EXERCISE INSTRUCTIONS: Line for line, return the data exactly, omitting all pictures.

[Phrase grounding data]
━━━━━━━━━━
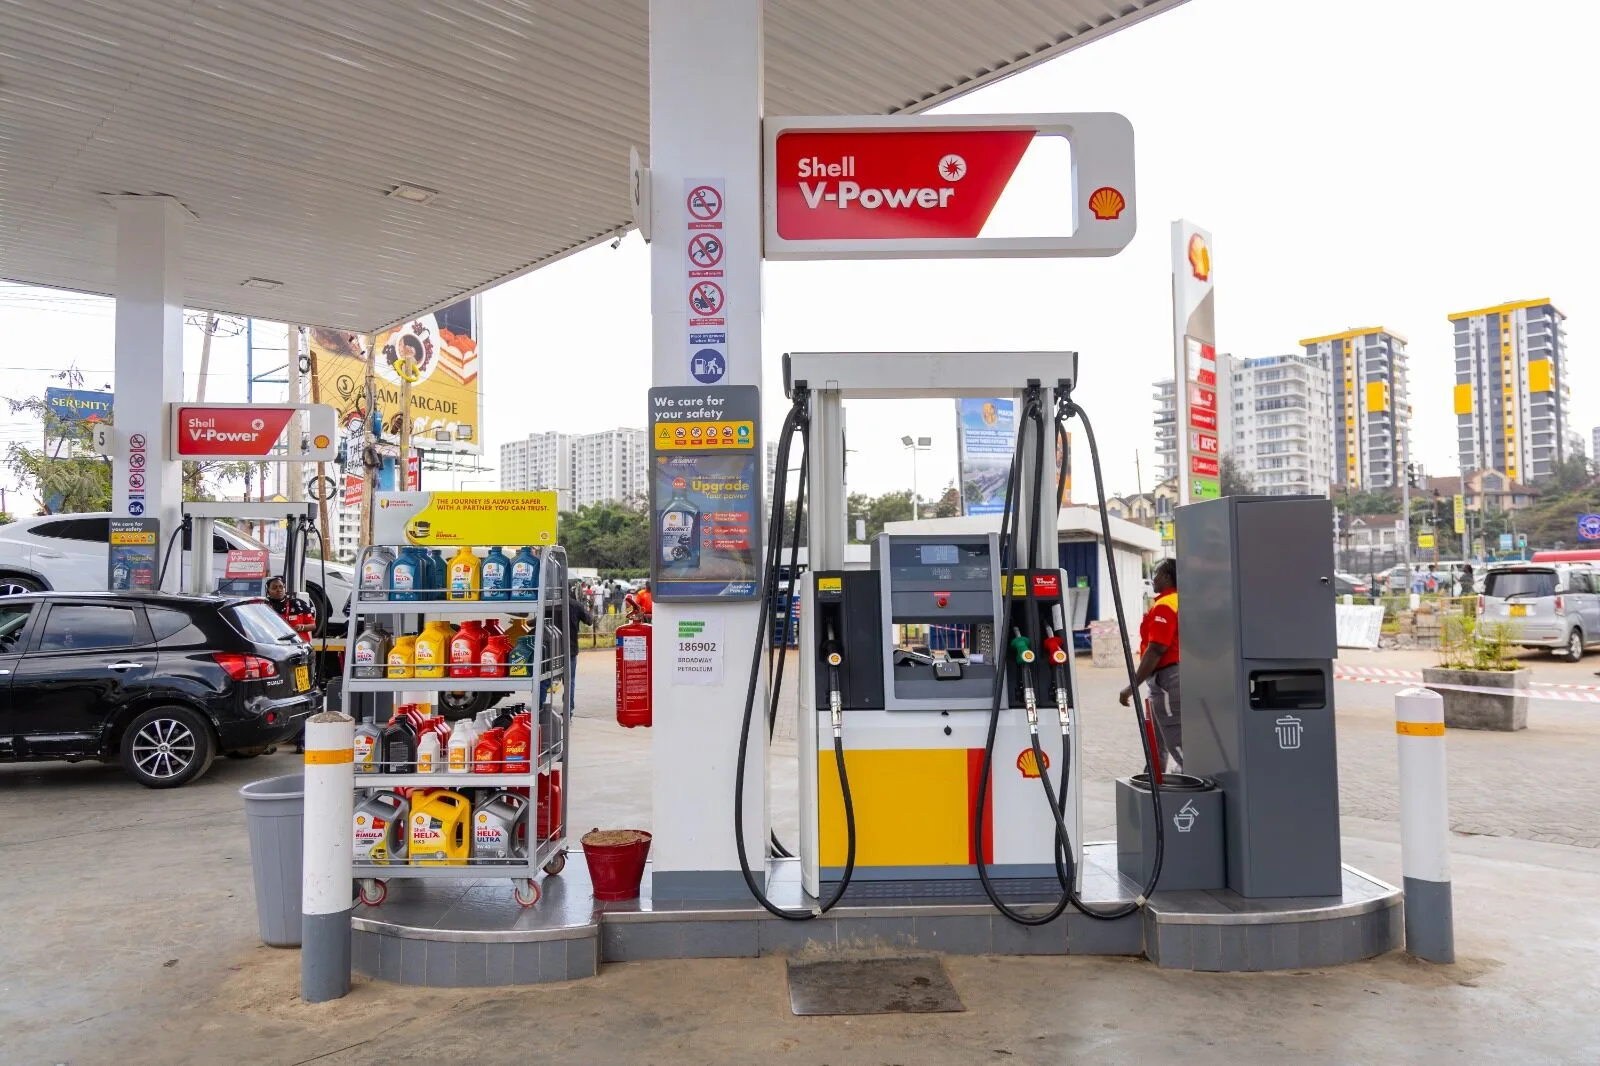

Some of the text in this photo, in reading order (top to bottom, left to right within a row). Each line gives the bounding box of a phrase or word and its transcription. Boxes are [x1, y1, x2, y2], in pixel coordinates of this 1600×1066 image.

[798, 156, 854, 177] Shell
[799, 181, 954, 209] V-Power
[52, 398, 109, 411] SERENITY
[410, 395, 458, 415] ARCADE
[654, 395, 725, 407] We care for
[655, 408, 723, 422] your safety
[188, 418, 215, 428] Shell
[98, 431, 105, 447] 5
[189, 429, 259, 442] V-Power
[692, 479, 750, 494] Upgrade
[679, 642, 716, 652] 186902
━━━━━━━━━━
YOUR SOLUTION:
Some of the text in this photo, in reading order (top to bottom, left to right within a row). Each line gives the bounding box of a phrase or word and its transcription. Boxes are [x1, y1, x2, y2], in pixel coordinates of this 1600×1066 image.

[798, 156, 854, 177] Shell
[799, 181, 954, 209] V-Power
[52, 398, 109, 411] SERENITY
[410, 395, 458, 415] ARCADE
[654, 395, 725, 407] We care for
[655, 408, 723, 422] your safety
[188, 418, 215, 428] Shell
[98, 431, 105, 447] 5
[189, 429, 259, 442] V-Power
[692, 479, 750, 494] Upgrade
[679, 642, 716, 652] 186902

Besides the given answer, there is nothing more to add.